- [Excerpted records]
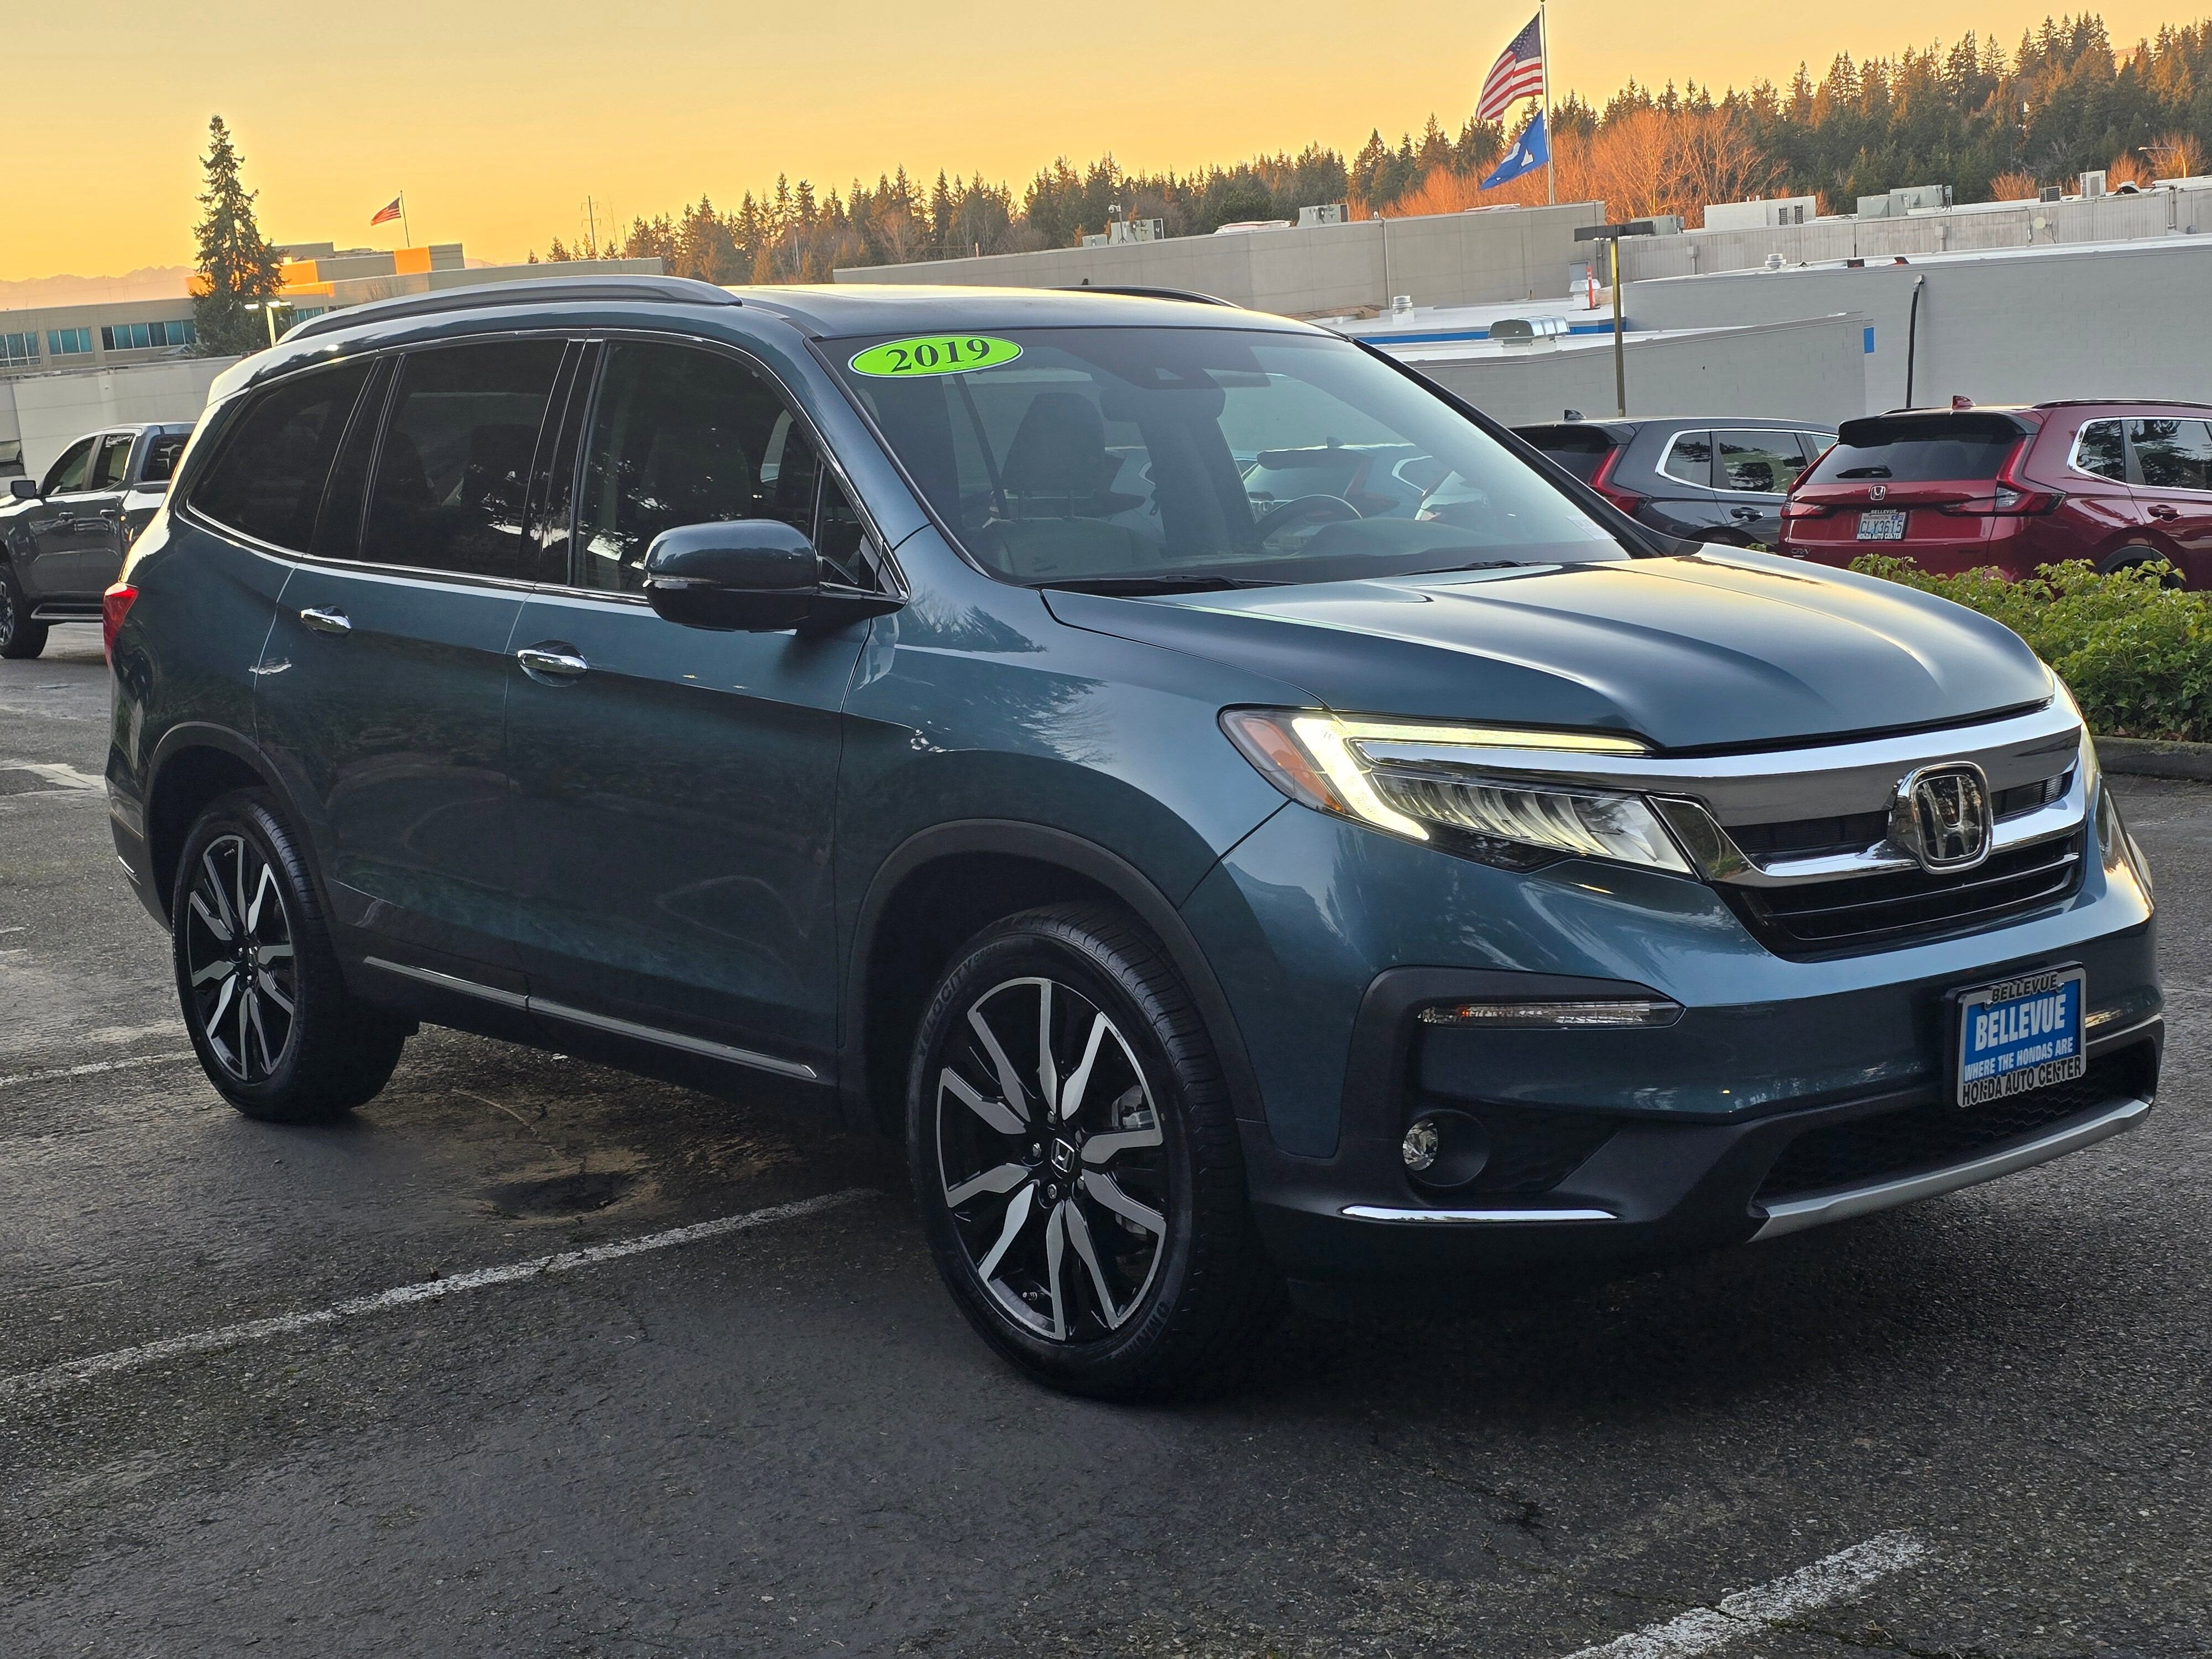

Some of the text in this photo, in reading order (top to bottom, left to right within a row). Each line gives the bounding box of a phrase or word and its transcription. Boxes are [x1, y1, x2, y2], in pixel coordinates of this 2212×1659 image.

[886, 338, 990, 372] 2019
[1860, 520, 1903, 534] CLY3615
[1992, 973, 2058, 1002] BELLEVUE
[1975, 994, 2067, 1051] BELLEVUE
[1964, 1036, 2074, 1082] WHERE THE HONDAS ARE
[1963, 1058, 2081, 1105] HONDA AUTO CENTER
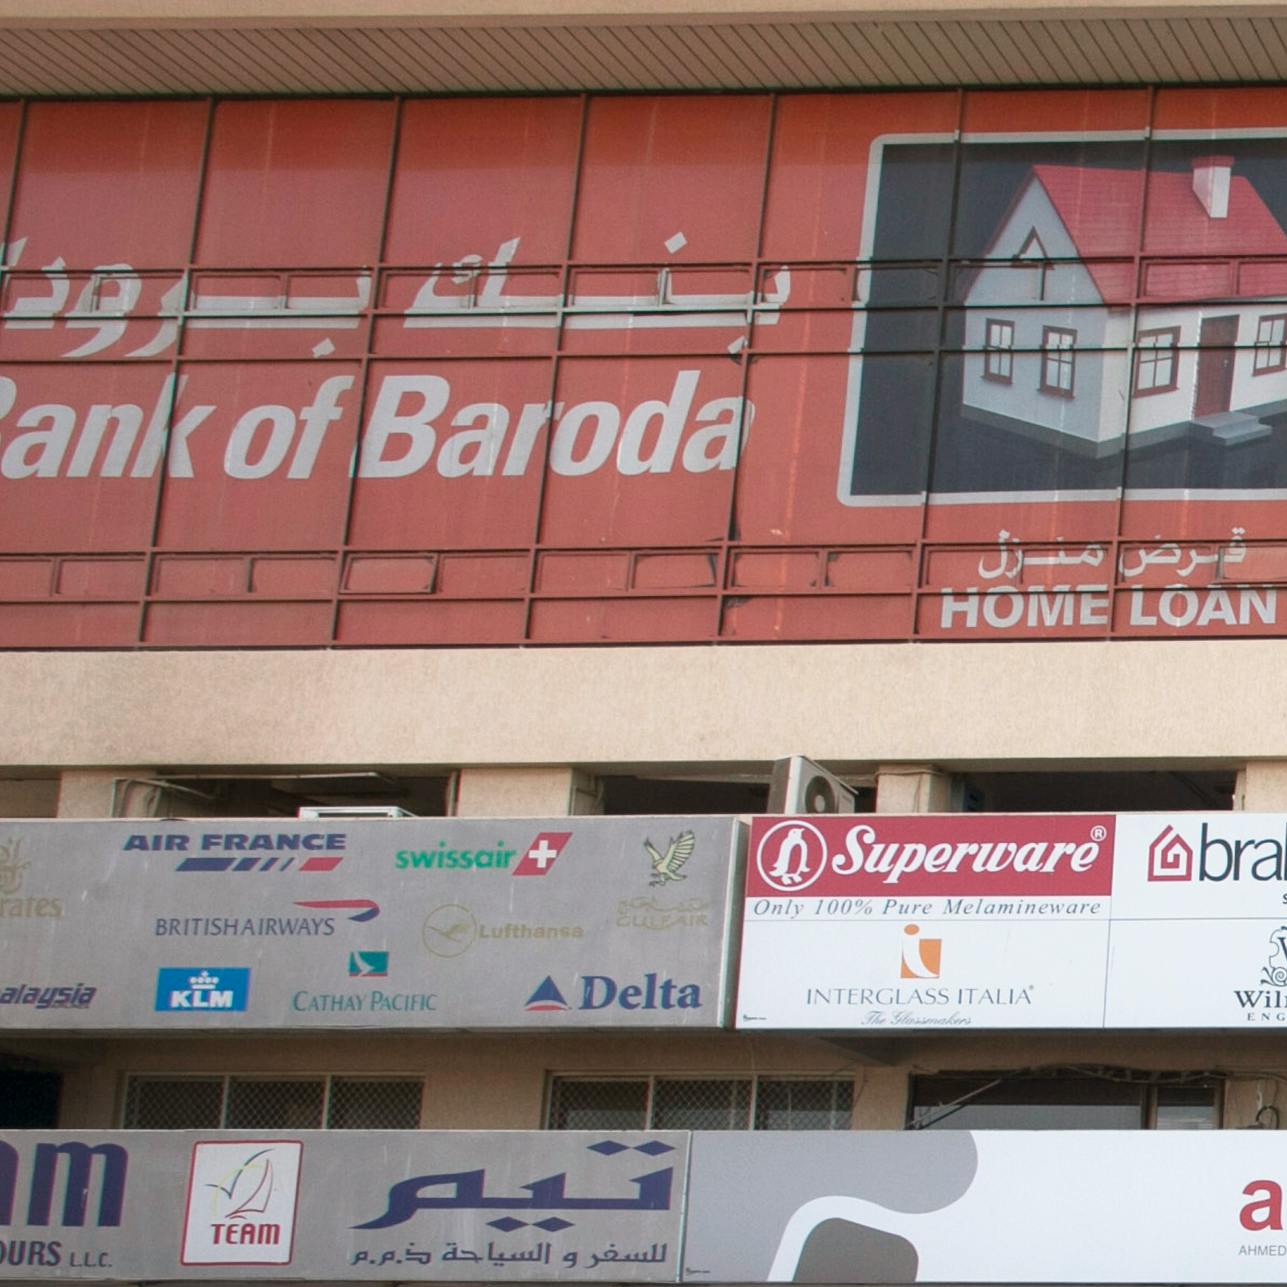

- [Directions] Give the records above again verbatim, pictures omitted.

- [Task response]
Some of the text in this photo, in reading order (top to bottom, left to right within a row). Each line gives the bounding box of a phrase or word and its transcription. Boxes are [x1, y1, x2, y2], in pixel coordinates of this 2212×1659 image.

[886, 338, 990, 372] 2019
[1860, 520, 1903, 534] CLY3615
[1992, 973, 2058, 1002] BELLEVUE
[1975, 994, 2067, 1051] BELLEVUE
[1964, 1036, 2074, 1082] WHERE THE HONDAS ARE
[1963, 1058, 2081, 1105] HONDA AUTO CENTER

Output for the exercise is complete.